Bassist Jamie Ward comments, One of the first songs written when the band tentatively began exploring the idea of creating together again, ‘October’ has its roots in a voice memo jotted down in vain hope during the band’s rehearsals for their final tour before they disbanded in 2016. ‘October’ is a song about the creative spark, about rekindling friendships and an ode to keeping trying to explore your artistic passions even when that might seem futile.
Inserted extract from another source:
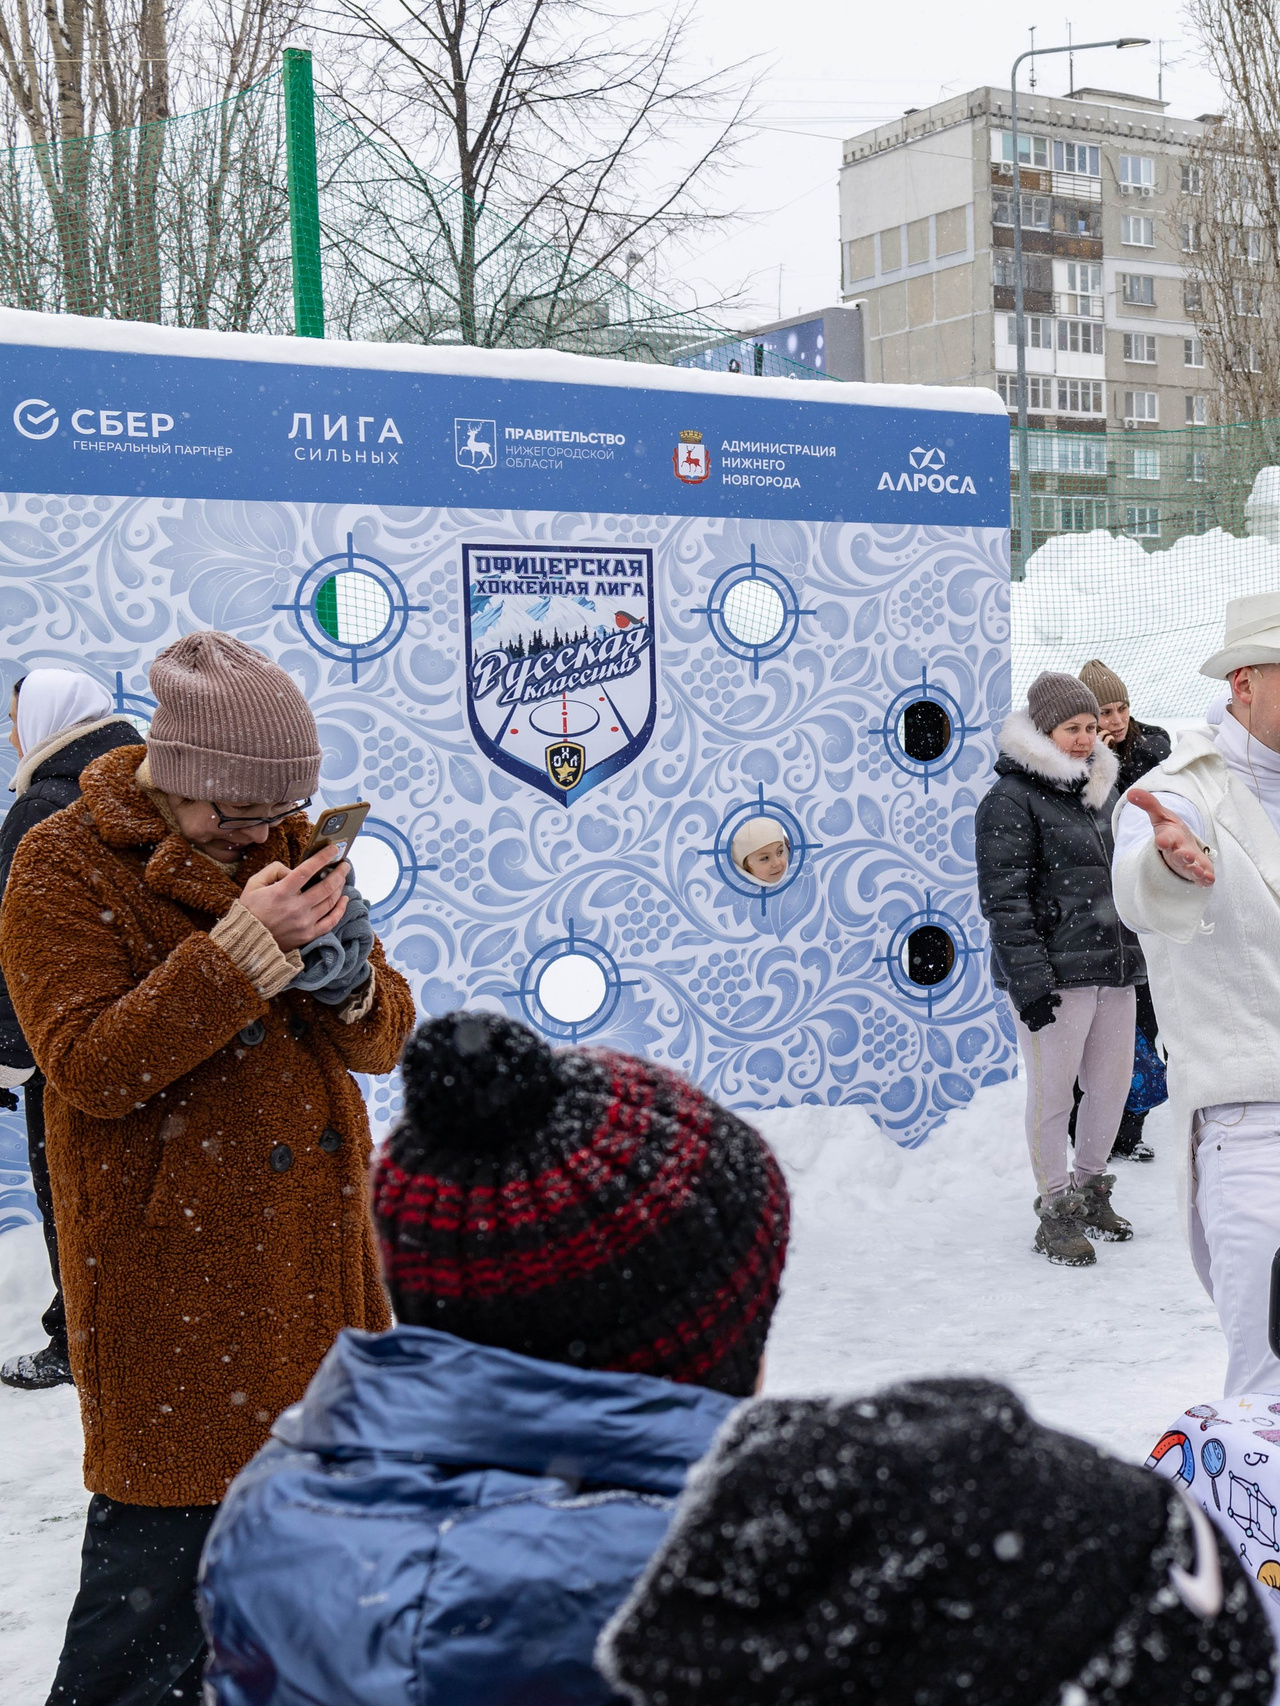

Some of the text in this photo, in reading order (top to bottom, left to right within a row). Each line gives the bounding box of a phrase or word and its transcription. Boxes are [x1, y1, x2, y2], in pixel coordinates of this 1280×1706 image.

A rare piece of Maybeshewill history that has its significance despite ultimately not ending up being included as part of a larger body of work.”

Listen to ‘October’ here:

Maybeshewill celebrate a decade of their ‘Fair Youth’ album with a brand new 10th anniversary edition, available on the 3rd May 2024 (Superball).  Released as a special limited edition opaque hot pink & black marbled LP, as well as digitally, this version has been newly remixed & remastered by the bands own Jamie Ward. The band had this to say:

“Looking back on Fair Youth with a decade of hindsight, it holds a particularly special place in Maybeshewill history – not least because it was the first record that, start to finish, was a product of all five of us. It took us very literally around the world to play for so many new audiences, but was also the last record we made before taking an extended break. It was intended as an overwhelmingly positive record, and I think sonically, that remains true. It’s a record we all remain extremely proud of, and are delighted that it’s getting a beautiful new pressing courtesy of our friends at Superball.”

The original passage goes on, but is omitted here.